◆ DATASET EXTRACT

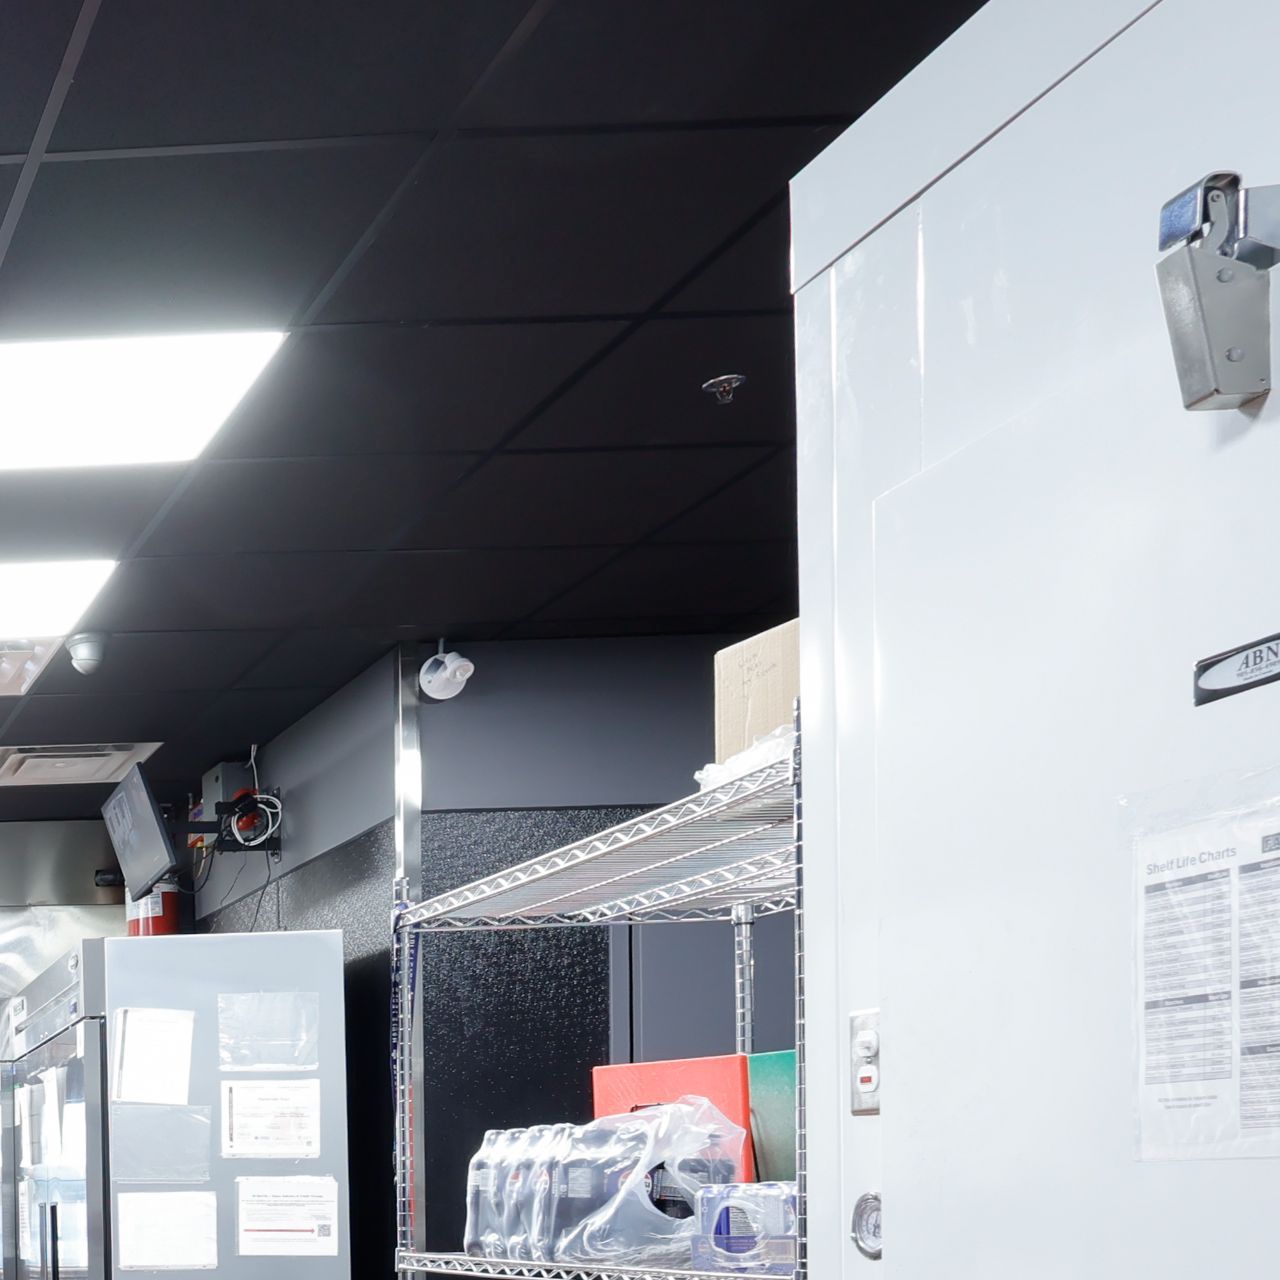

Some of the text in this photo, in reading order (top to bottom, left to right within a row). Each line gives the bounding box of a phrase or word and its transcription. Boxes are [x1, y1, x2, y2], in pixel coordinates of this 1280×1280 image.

[1146, 847, 1237, 876] Shelf Life Charts
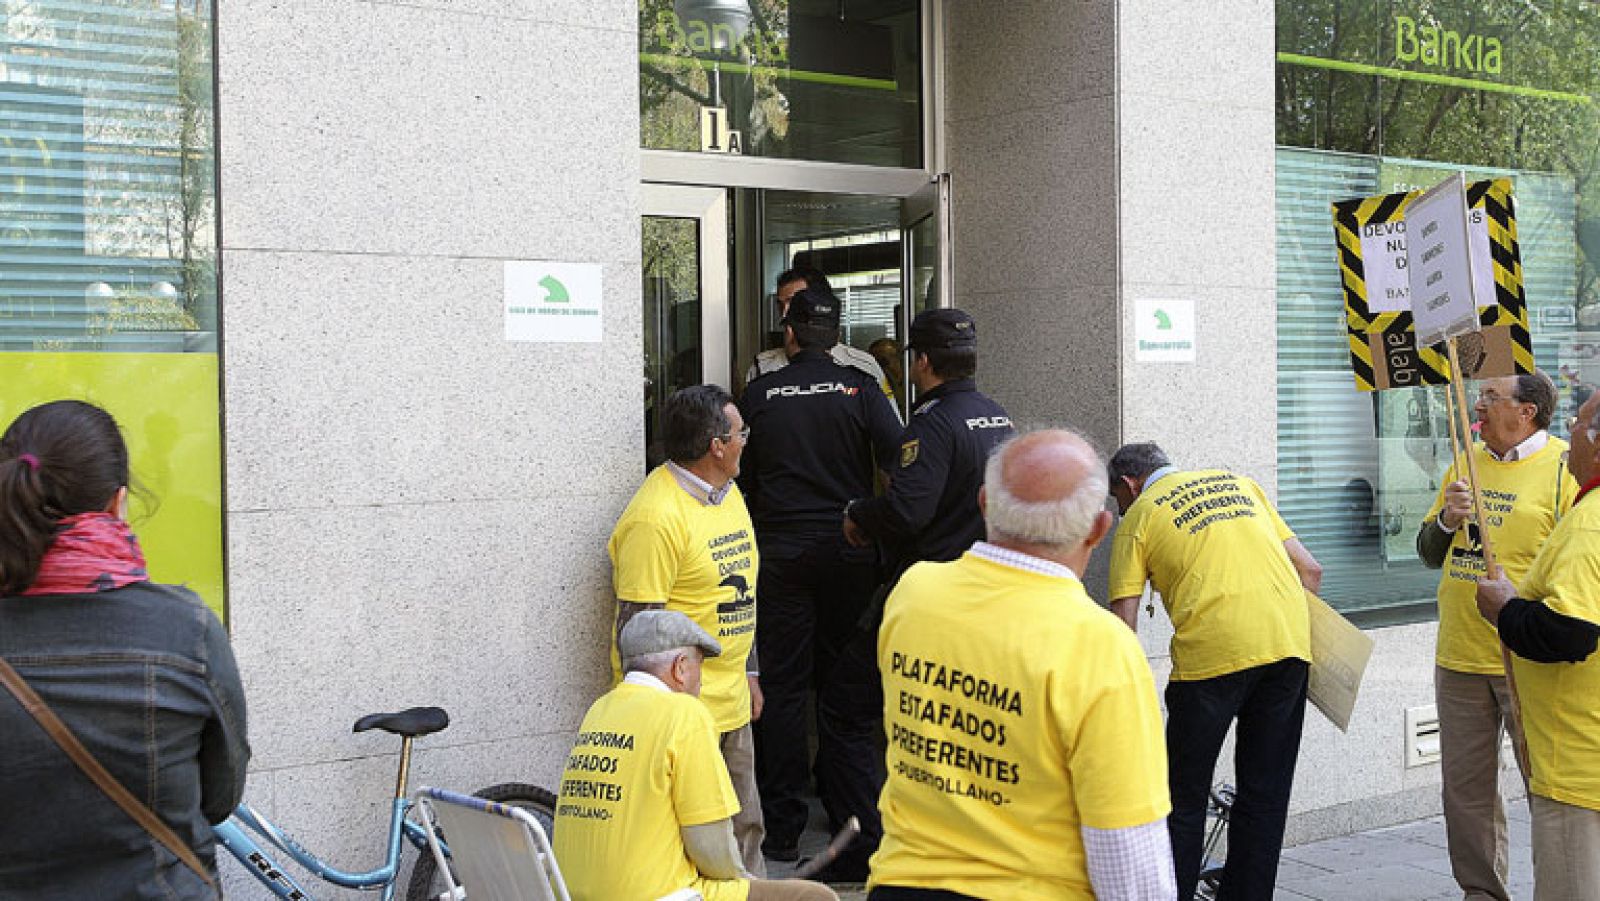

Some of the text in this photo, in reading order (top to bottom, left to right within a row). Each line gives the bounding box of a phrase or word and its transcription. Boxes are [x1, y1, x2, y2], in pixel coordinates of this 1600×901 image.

[1395, 16, 1502, 74] Bankia
[766, 383, 844, 401] POLICIA
[1154, 473, 1236, 506] PLATAFORMA
[1170, 483, 1240, 512] ESTAFADOS
[1173, 494, 1255, 529] PREFERENTES
[891, 651, 1023, 717] PLATAFORMA
[899, 689, 1008, 746] ESTAFADOS
[891, 721, 1021, 785] PREFERENTES

◆ WORK REQUEST
Without the pictures, give all of the entries above again exactly.

◆ WORKED SOLUTION
Some of the text in this photo, in reading order (top to bottom, left to right within a row). Each line gives the bounding box of a phrase or word and its transcription. Boxes are [x1, y1, x2, y2], in pixel coordinates of this 1280×1280 image.

[1146, 847, 1237, 876] Shelf Life Charts

Some of the text in this photo, in reading order (top to bottom, left to right within a row). Each line gives the bounding box of a phrase or word and its transcription. Boxes are [x1, y1, x2, y2], in pixel coordinates of this 1600×901 image.

[1395, 16, 1502, 74] Bankia
[766, 383, 844, 401] POLICIA
[1154, 473, 1236, 506] PLATAFORMA
[1170, 483, 1240, 512] ESTAFADOS
[1173, 494, 1255, 529] PREFERENTES
[891, 651, 1023, 717] PLATAFORMA
[899, 689, 1008, 746] ESTAFADOS
[891, 721, 1021, 785] PREFERENTES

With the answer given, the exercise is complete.